TASK BRIEF:
An exact copy of the entries, with every picture omitted, is what is needed here.

DATASET:

- - -

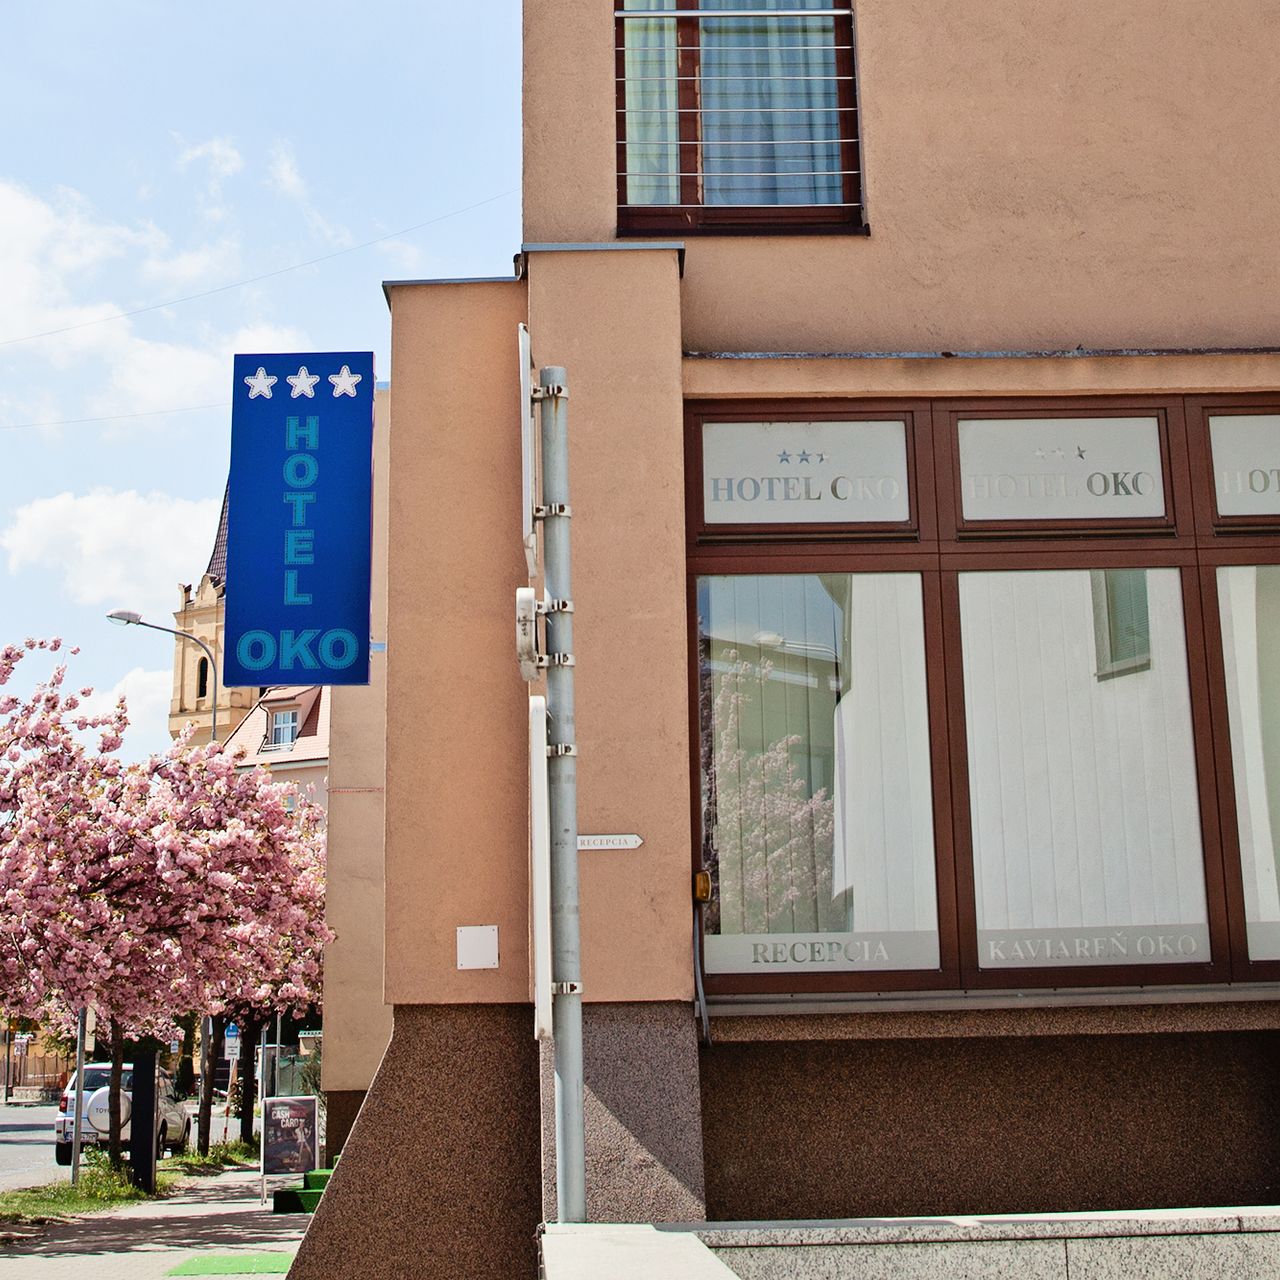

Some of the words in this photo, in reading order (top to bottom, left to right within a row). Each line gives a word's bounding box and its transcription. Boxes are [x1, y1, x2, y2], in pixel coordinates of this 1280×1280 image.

[711, 477, 822, 502] HOTEL
[830, 476, 900, 501] OKO
[1086, 471, 1155, 497] OKO
[283, 415, 320, 605] HOTEL
[237, 628, 359, 671] OKO
[751, 940, 889, 964] RECEPCIA
[988, 930, 1128, 961] KAVIAREŇ
[1136, 934, 1197, 957] OKO

- - -

WRITTEN SOLUTION:
Some of the words in this photo, in reading order (top to bottom, left to right within a row). Each line gives a word's bounding box and its transcription. Boxes are [x1, y1, x2, y2], in pixel coordinates of this 1280×1280 image.

[711, 477, 822, 502] HOTEL
[830, 476, 900, 501] OKO
[1086, 471, 1155, 497] OKO
[283, 415, 320, 605] HOTEL
[237, 628, 359, 671] OKO
[751, 940, 889, 964] RECEPCIA
[988, 930, 1128, 961] KAVIAREŇ
[1136, 934, 1197, 957] OKO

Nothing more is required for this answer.